#### WORKING DATA

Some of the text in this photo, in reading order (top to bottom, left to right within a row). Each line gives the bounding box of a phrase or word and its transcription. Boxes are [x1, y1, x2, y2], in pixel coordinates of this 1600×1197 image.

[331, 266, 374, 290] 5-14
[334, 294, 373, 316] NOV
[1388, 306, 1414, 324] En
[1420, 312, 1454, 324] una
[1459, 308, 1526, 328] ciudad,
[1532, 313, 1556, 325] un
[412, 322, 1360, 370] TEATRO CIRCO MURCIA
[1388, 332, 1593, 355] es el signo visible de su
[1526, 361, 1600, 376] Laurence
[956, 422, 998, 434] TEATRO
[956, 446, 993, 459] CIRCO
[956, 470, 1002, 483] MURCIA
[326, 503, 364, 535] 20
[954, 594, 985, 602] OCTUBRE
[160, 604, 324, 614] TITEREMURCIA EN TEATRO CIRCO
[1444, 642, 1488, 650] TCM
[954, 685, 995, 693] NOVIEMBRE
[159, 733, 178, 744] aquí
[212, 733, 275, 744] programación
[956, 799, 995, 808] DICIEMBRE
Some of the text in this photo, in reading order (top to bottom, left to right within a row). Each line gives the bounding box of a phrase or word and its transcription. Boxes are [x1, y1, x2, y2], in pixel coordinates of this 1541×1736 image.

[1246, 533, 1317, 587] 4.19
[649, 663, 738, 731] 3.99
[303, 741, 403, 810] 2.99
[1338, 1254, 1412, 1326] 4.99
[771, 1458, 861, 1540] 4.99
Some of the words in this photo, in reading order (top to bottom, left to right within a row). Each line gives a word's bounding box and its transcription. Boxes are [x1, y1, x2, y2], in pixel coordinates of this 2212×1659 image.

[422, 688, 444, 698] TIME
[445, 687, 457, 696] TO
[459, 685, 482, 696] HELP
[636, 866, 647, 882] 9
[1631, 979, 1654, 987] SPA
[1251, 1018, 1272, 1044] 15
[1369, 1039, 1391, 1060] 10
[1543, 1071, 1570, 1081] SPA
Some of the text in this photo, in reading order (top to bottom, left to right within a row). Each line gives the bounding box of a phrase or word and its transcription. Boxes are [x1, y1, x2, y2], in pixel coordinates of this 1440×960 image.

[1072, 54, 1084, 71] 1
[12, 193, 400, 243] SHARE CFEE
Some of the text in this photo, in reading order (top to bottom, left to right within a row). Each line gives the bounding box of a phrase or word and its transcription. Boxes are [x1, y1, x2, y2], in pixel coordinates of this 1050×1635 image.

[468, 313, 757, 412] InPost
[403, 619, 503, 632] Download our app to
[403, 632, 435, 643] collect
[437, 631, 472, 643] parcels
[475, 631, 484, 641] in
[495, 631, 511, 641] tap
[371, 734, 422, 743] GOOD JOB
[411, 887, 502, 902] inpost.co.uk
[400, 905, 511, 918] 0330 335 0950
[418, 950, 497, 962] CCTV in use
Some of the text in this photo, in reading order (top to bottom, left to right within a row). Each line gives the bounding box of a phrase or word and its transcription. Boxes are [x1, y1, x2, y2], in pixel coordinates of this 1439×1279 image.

########

(EXERCISE PROMPT): Transcribe the records above with every character unchanged.

(WRITTEN ANSWER):
Some of the text in this photo, in reading order (top to bottom, left to right within a row). Each line gives the bounding box of a phrase or word and its transcription. Boxes are [x1, y1, x2, y2], in pixel coordinates of this 1600×1197 image.

[331, 266, 374, 290] 5-14
[334, 294, 373, 316] NOV
[1388, 306, 1414, 324] En
[1420, 312, 1454, 324] una
[1459, 308, 1526, 328] ciudad,
[1532, 313, 1556, 325] un
[412, 322, 1360, 370] TEATRO CIRCO MURCIA
[1388, 332, 1593, 355] es el signo visible de su
[1526, 361, 1600, 376] Laurence
[956, 422, 998, 434] TEATRO
[956, 446, 993, 459] CIRCO
[956, 470, 1002, 483] MURCIA
[326, 503, 364, 535] 20
[954, 594, 985, 602] OCTUBRE
[160, 604, 324, 614] TITEREMURCIA EN TEATRO CIRCO
[1444, 642, 1488, 650] TCM
[954, 685, 995, 693] NOVIEMBRE
[159, 733, 178, 744] aquí
[212, 733, 275, 744] programación
[956, 799, 995, 808] DICIEMBRE
Some of the text in this photo, in reading order (top to bottom, left to right within a row). Each line gives the bounding box of a phrase or word and its transcription. Boxes are [x1, y1, x2, y2], in pixel coordinates of this 1541×1736 image.

[1246, 533, 1317, 587] 4.19
[649, 663, 738, 731] 3.99
[303, 741, 403, 810] 2.99
[1338, 1254, 1412, 1326] 4.99
[771, 1458, 861, 1540] 4.99
Some of the words in this photo, in reading order (top to bottom, left to right within a row). Each line gives a word's bounding box and its transcription. Boxes are [x1, y1, x2, y2], in pixel coordinates of this 2212×1659 image.

[422, 688, 444, 698] TIME
[445, 687, 457, 696] TO
[459, 685, 482, 696] HELP
[636, 866, 647, 882] 9
[1631, 979, 1654, 987] SPA
[1251, 1018, 1272, 1044] 15
[1369, 1039, 1391, 1060] 10
[1543, 1071, 1570, 1081] SPA
Some of the text in this photo, in reading order (top to bottom, left to right within a row). Each line gives the bounding box of a phrase or word and its transcription. Boxes are [x1, y1, x2, y2], in pixel coordinates of this 1440×960 image.

[1072, 54, 1084, 71] 1
[12, 193, 400, 243] SHARE CFEE
Some of the text in this photo, in reading order (top to bottom, left to right within a row). Each line gives the bounding box of a phrase or word and its transcription. Boxes are [x1, y1, x2, y2], in pixel coordinates of this 1050×1635 image.

[468, 313, 757, 412] InPost
[403, 619, 503, 632] Download our app to
[403, 632, 435, 643] collect
[437, 631, 472, 643] parcels
[475, 631, 484, 641] in
[495, 631, 511, 641] tap
[371, 734, 422, 743] GOOD JOB
[411, 887, 502, 902] inpost.co.uk
[400, 905, 511, 918] 0330 335 0950
[418, 950, 497, 962] CCTV in use
Some of the text in this photo, in reading order (top to bottom, left to right within a row). Each line gives the bounding box of a phrase or word and its transcription. Boxes are [x1, y1, x2, y2], in pixel coordinates of this 1439×1279 image.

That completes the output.